Task goal: Omit the pictures, then write out every entry exactly as it reads.

Exercise data:
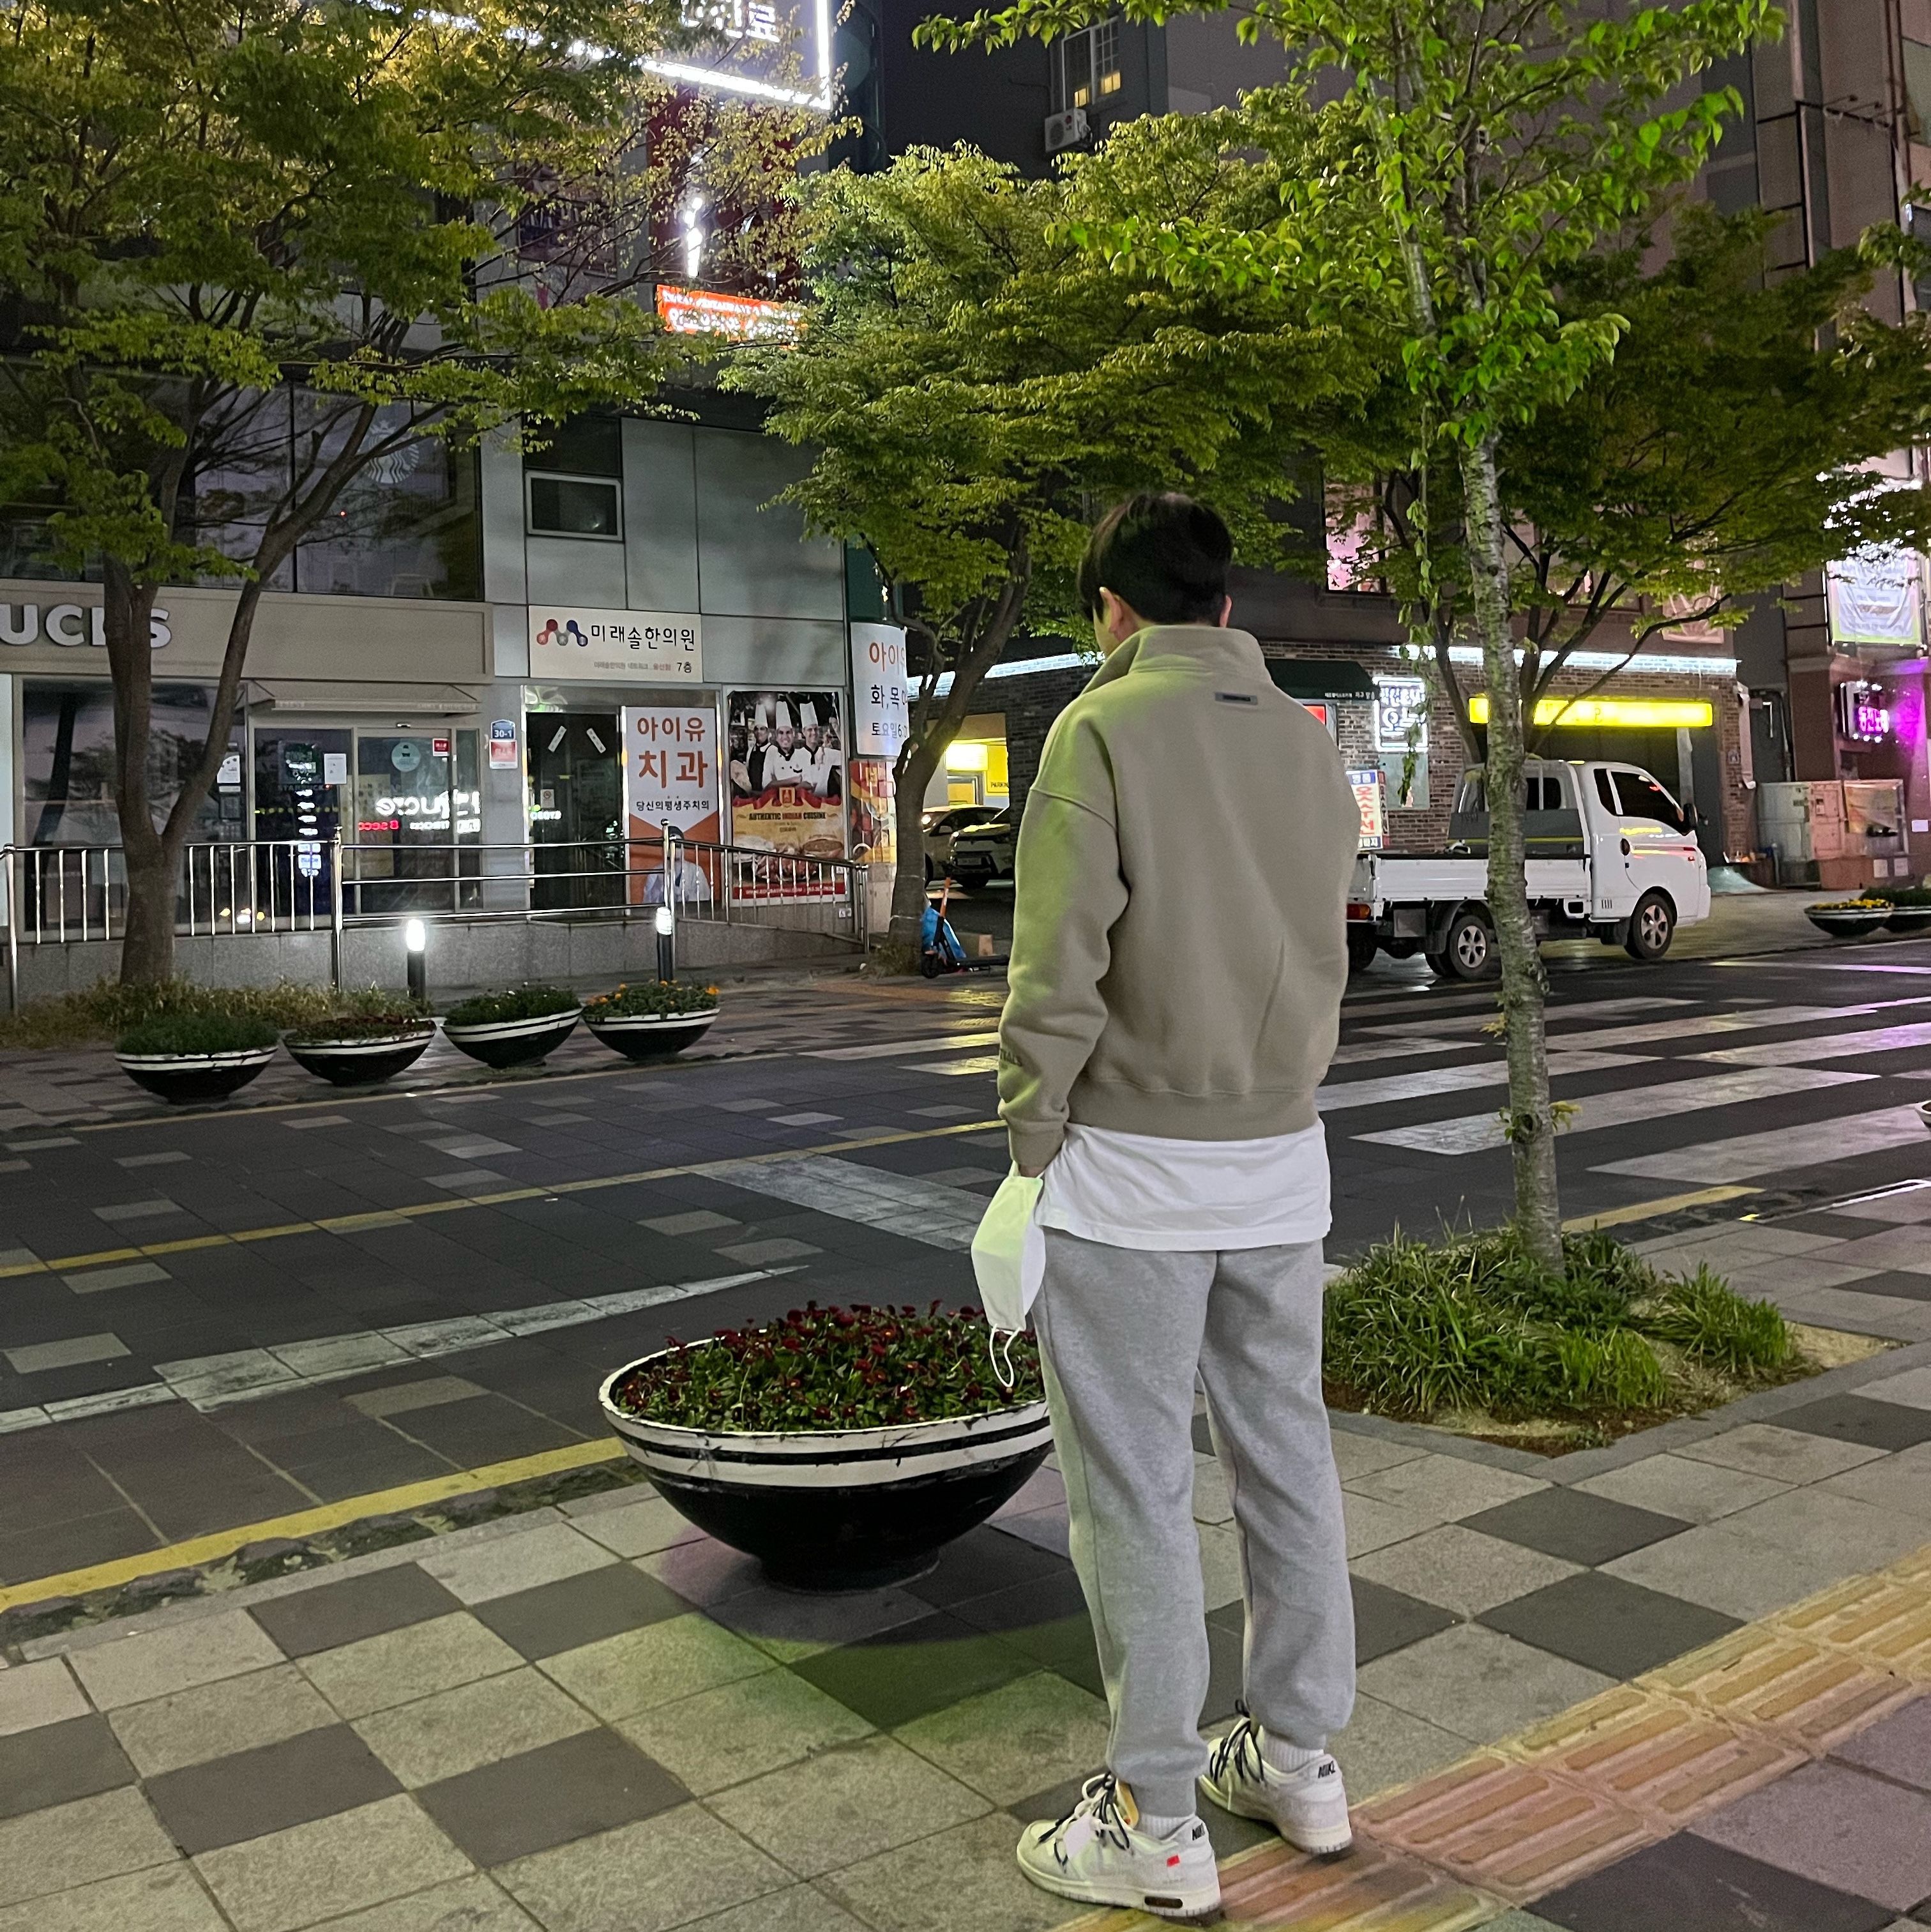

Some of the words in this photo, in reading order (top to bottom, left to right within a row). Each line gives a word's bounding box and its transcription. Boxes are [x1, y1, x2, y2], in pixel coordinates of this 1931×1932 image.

[591, 625, 695, 651] 미래솔한의원
[677, 661, 692, 674] 7층
[494, 729, 512, 738] 30-1
[637, 717, 706, 742] 아이유
[639, 750, 708, 789] 치과
[748, 812, 781, 821] AUTHENTIC

Solution for this problem:
Some of the words in this photo, in reading order (top to bottom, left to right within a row). Each line gives a word's bounding box and its transcription. Boxes are [x1, y1, x2, y2], in pixel coordinates of this 1931×1932 image.

[591, 625, 695, 651] 미래솔한의원
[677, 661, 692, 674] 7층
[494, 729, 512, 738] 30-1
[637, 717, 706, 742] 아이유
[639, 750, 708, 789] 치과
[748, 812, 781, 821] AUTHENTIC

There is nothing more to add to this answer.